From: Alexander Duyck <alexander.duyck@gmail.com>
To: Alex Williamson <alex.williamson@redhat.com>,
Or Gerlitz <gerlitz.or@gmail.com>
Cc: emil.s.tantilov@intel.com, kvm@vger.kernel.org,
"Michael S. Tsirkin <mst@redhat.com> (mst@redhat.com)"
<mst@redhat.com>,
linux-pci@vger.kernel.org, qemu-devel@nongnu.org,
Jesse Brandeburg <jesse.brandeburg@intel.com>,
carolyn.wyborny@intel.com, "Skidmore,
Donald C" <donald.c.skidmore@intel.com>,
agraf@suse.de, matthew.vick@intel.com,
intel-wired-lan@lists.osuosl.org,
Jeff Kirsher <jeffrey.t.kirsher@intel.com>,
yang.z.zhang@intel.com,
Mitch Williams <mitch.a.williams@intel.com>,
nrupal.jani@intel.com, bhelgaas@google.com,
Lan Tianyu <tianyu.lan@intel.com>,
Linux Netdev List <netdev@vger.kernel.org>,
Shannon Nelson <shannon.nelson@intel.com>,
eddie.dong@intel.com, Linux Kernel <linux-kernel@vger.kernel.org>,
john.ronciak@intel.com, Paolo Bonzini <pbonzini@redhat.com>
Subject: Re: [Qemu-devel] [RFC Patch 00/12] IXGBE: Add live migration support for SRIOV NIC
Date: Wed, 21 Oct 2015 16:26:47 -0700 [thread overview]
Message-ID: <56281F37.1050506@gmail.com> (raw)
In-Reply-To: <1445455227.4059.867.camel@redhat.com>
On 10/21/2015 12:20 PM, Alex Williamson wrote:
> On Wed, 2015-10-21 at 21:45 +0300, Or Gerlitz wrote:
>> On Wed, Oct 21, 2015 at 7:37 PM, Lan Tianyu <tianyu.lan@intel.com> wrote:
>>> This patchset is to propose a new solution to add live migration support
>>> for 82599 SRIOV network card.
>>
>>> In our solution, we prefer to put all device specific operation into VF and
>>> PF driver and make code in the Qemu more general.
>>
>> [...]
>>
>>> Service down time test
>>> So far, we tested migration between two laptops with 82599 nic which
>>> are connected to a gigabit switch.

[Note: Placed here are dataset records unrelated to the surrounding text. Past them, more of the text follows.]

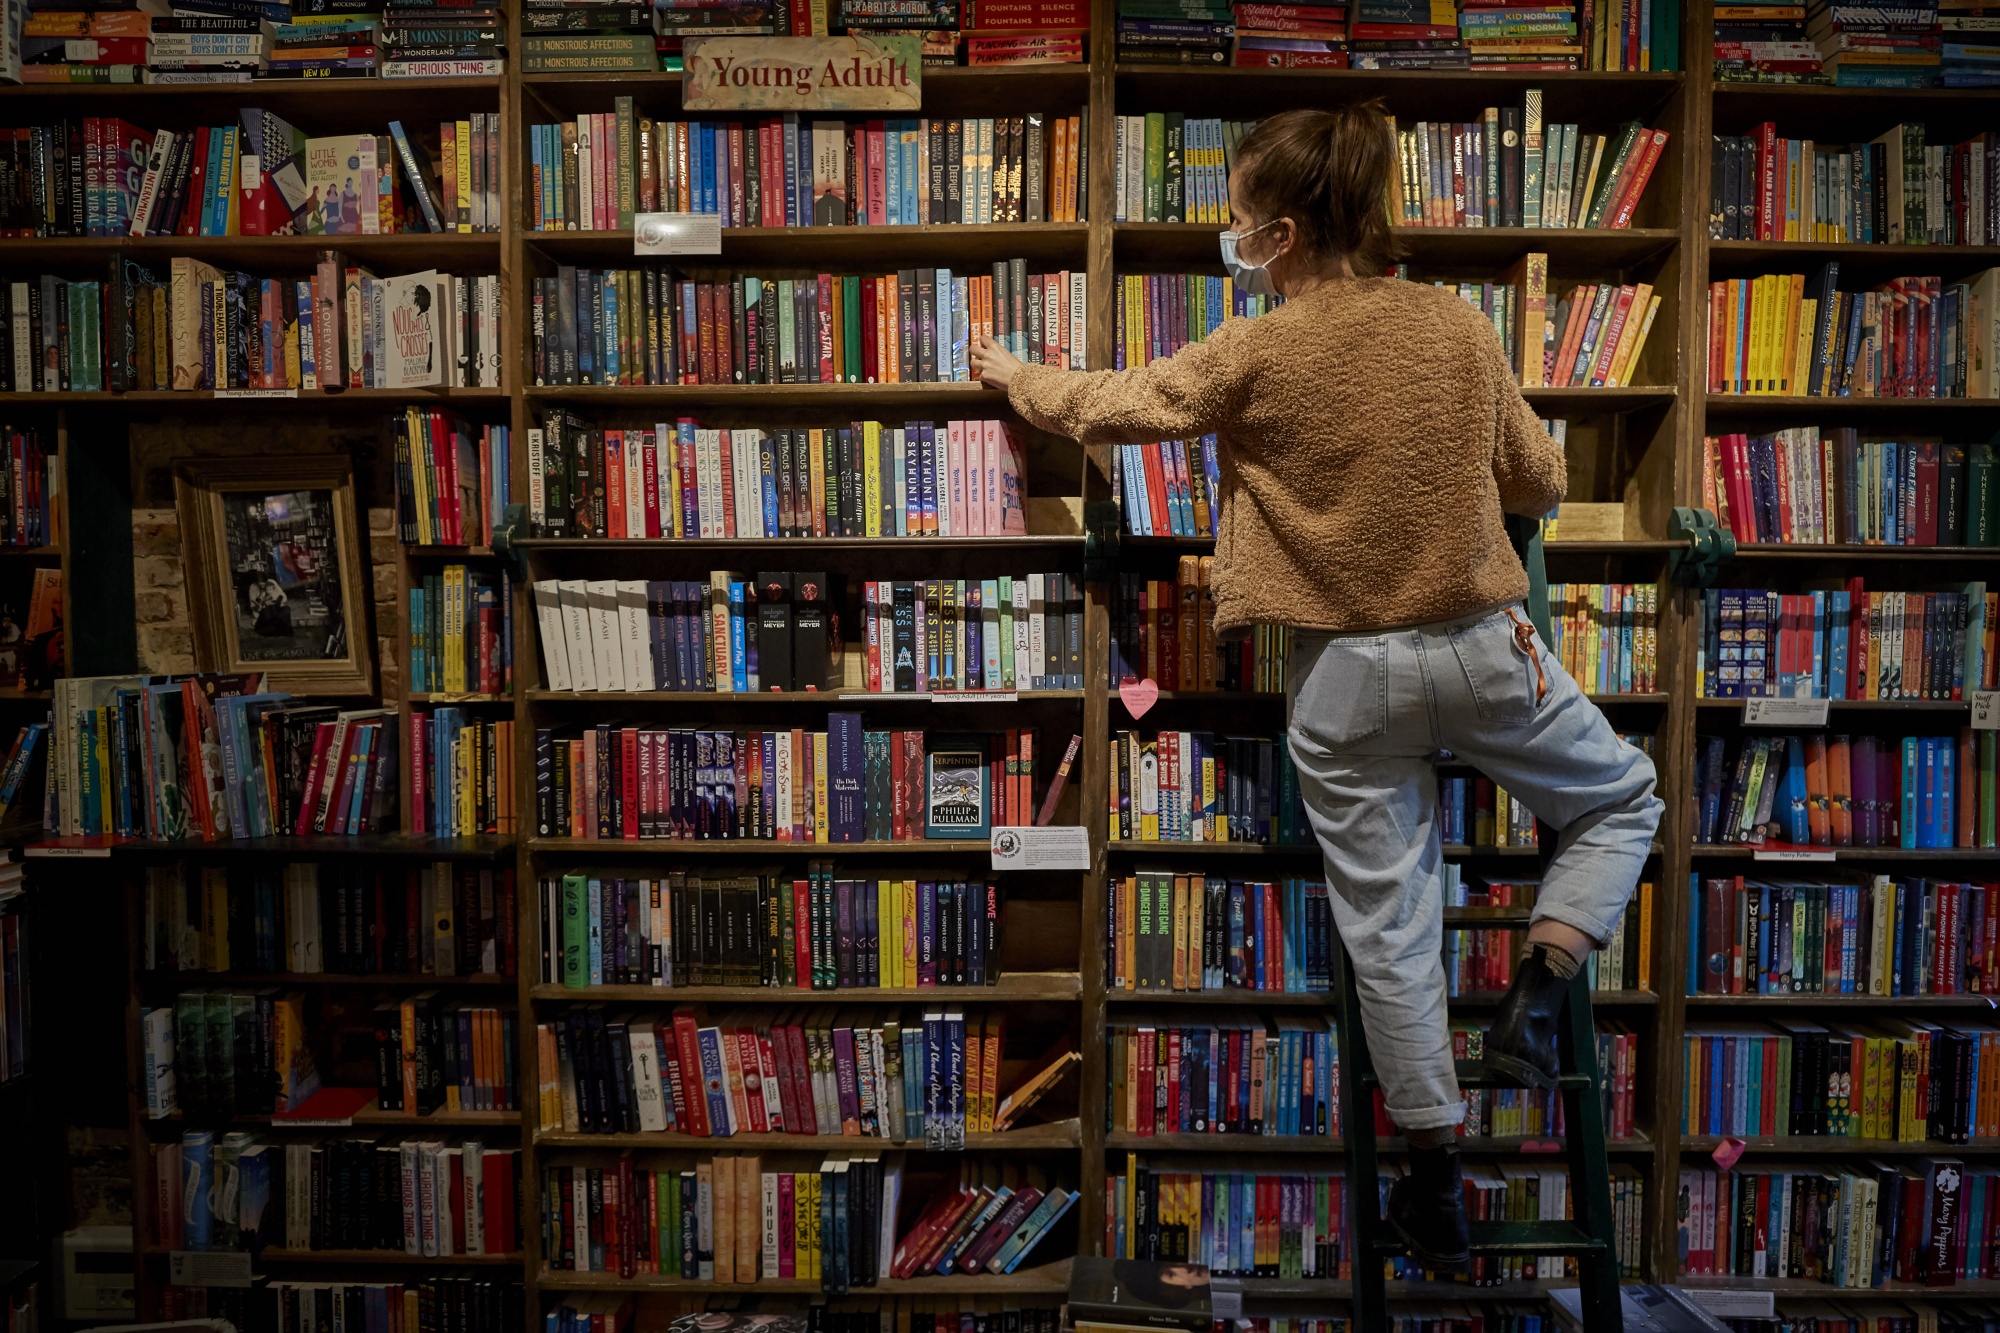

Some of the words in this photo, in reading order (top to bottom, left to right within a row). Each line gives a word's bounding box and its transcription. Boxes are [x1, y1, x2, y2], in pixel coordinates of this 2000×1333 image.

[985, 4, 1032, 12] FOUNTAINS
[1524, 12, 1562, 20] NORMAL
[180, 19, 198, 29] THE
[201, 19, 248, 29] BEAUTIFUL
[410, 30, 479, 43] MONSTERS
[1511, 24, 1526, 32] KID
[1528, 23, 1568, 32] NORMAL
[157, 47, 186, 55] blackman
[192, 46, 210, 54] BOYS
[212, 45, 233, 53] DON'T
[235, 44, 249, 53] CRY
[190, 35, 210, 44] BOYS
[212, 35, 234, 44] DON'T
[236, 35, 250, 44] CRY
[544, 41, 588, 50] MONSTROUS
[591, 40, 633, 49] AFFECTIONS
[408, 64, 450, 75] FURIOUS
[453, 62, 483, 74] THING
[544, 58, 588, 67] MONSTROUS
[591, 57, 633, 66] AFFECTIONS
[712, 56, 813, 96] Young
[820, 57, 911, 88] Adult
[224, 131, 233, 144] YES
[458, 128, 468, 150] HERE
[620, 120, 629, 166] MONSTROUS
[887, 132, 896, 148] Why
[1488, 130, 1496, 161] WATER
[72, 155, 80, 172] THE
[86, 143, 96, 165] GIRL
[106, 144, 115, 165] GIRL
[223, 146, 231, 157] NO
[310, 149, 336, 158] LITTLE
[310, 159, 337, 168] WOMEN
[444, 141, 452, 174] NEXUS
[888, 150, 896, 164] We
[1767, 155, 1772, 168] ME
[87, 168, 97, 193] GONE
[106, 168, 116, 194] GONE
[219, 159, 230, 184] MAYBE
[459, 159, 468, 191] STAND
[888, 168, 898, 191] Broke
[1488, 164, 1496, 195] BEARS
[73, 176, 82, 225] BEAUTIFUL
[136, 172, 156, 223] INTERNMENT
[218, 186, 227, 197] SO
[621, 168, 630, 212] AFFECTIONS
[886, 194, 897, 207] Up
[1172, 177, 1180, 206] Watership
[88, 196, 99, 223] VIRAL
[107, 196, 117, 224] VIRAL
[593, 294, 601, 333] MERMAID
[1048, 284, 1058, 344] ILLUMINAE
[1074, 283, 1083, 320] KRISTOFF
[216, 288, 225, 344] TROUBLEMAKERS
[323, 308, 331, 343] LOVELY
[766, 292, 776, 345] RAYBEARER
[822, 336, 830, 359] STAIR
[1074, 322, 1082, 352] DEVIAT3
[324, 345, 332, 372] WAR
[532, 439, 540, 476] KRISTOFF
[761, 452, 770, 475] ONE
[781, 435, 789, 469] PITTACUS
[798, 435, 806, 469] PITTACUS
[828, 461, 833, 470] LU
[800, 472, 808, 492] LORE
[907, 441, 917, 519] SKYHUNTER
[922, 441, 932, 519] SKYHUNTER
[1907, 479, 1916, 507] EARTH
[533, 479, 541, 508] DEVIAT3
[826, 476, 837, 516] WILDCARD
[928, 585, 938, 625] NESS
[944, 586, 954, 625] NESS
[715, 614, 726, 675] SANCTUARY
[641, 746, 649, 775] ANNA
[934, 757, 978, 765] SERPENTINE
[933, 814, 978, 823] PULLMAN
[940, 806, 972, 815] PHILIP
[988, 886, 996, 918] NERVE
[1140, 889, 1151, 914] DANGER
[1158, 889, 1169, 915] DANGER
[1140, 916, 1151, 934] GANG
[1159, 916, 1169, 934] GANG
[403, 1169, 412, 1207] FURIOUS
[423, 1172, 432, 1209] FURIOUS
[1939, 1194, 1954, 1223] Mary
[406, 1212, 414, 1237] THING
[424, 1215, 433, 1240] THING
[1934, 1226, 1953, 1269] Poppins

Ping VF in the 0.001s interval
>>> during migration on the host of source side. It service down
>>> time is about 180ms.
>>
>> So... what would you expect service down wise for the following
>> solution which is zero touch and I think should work for any VF
>> driver:
>>
>> on host A: unplug the VM and conduct live migration to host B ala the
>> no-SRIOV case.
>
> The trouble here is that the VF needs to be unplugged prior to the start
> of migration because we can't do effective dirty page tracking while the
> device is connected and doing DMA. So the downtime, assuming we're
> counting only VF connectivity, is dependent on memory size, rate of
> dirtying, and network bandwidth; seconds for small guests, minutes or
> more (maybe much, much more) for large guests.
The question of dirty page tracking though should be pretty simple. We
start the Tx packets out as dirty so we don't need to add anything
there. It seems like the Rx data and Tx/Rx descriptor rings are the issue.
> This is why the typical VF agnostic approach here is to using bonding
> and fail over to a emulated device during migration, so performance
> suffers, but downtime is something acceptable.
>
> If we want the ability to defer the VF unplug until just before the
> final stages of the migration, we need the VF to participate in dirty
> page tracking. Here it's done via an enlightened guest driver. Alex
> Graf presented a solution using a device specific enlightenment in QEMU.
> Otherwise we'd need hardware support from the IOMMU.
My only real complaint with this patch series is that it seems like
there was to much focus on instrumenting the driver instead of providing
the code necessary to enable a driver ecosystem that enables migration.
I don't know if what we need is a full hardware IOMMU. It seems like a
good way to take care of the need to flag dirty pages for DMA capable
devices would be to add functionality to the dma_map_ops calls
sync_{sg|single}for_cpu and unmap_{page|sg} so that they would take care
of mapping the pages as dirty for us when needed. We could probably
make do with just a few tweaks to existing API in order to make this work.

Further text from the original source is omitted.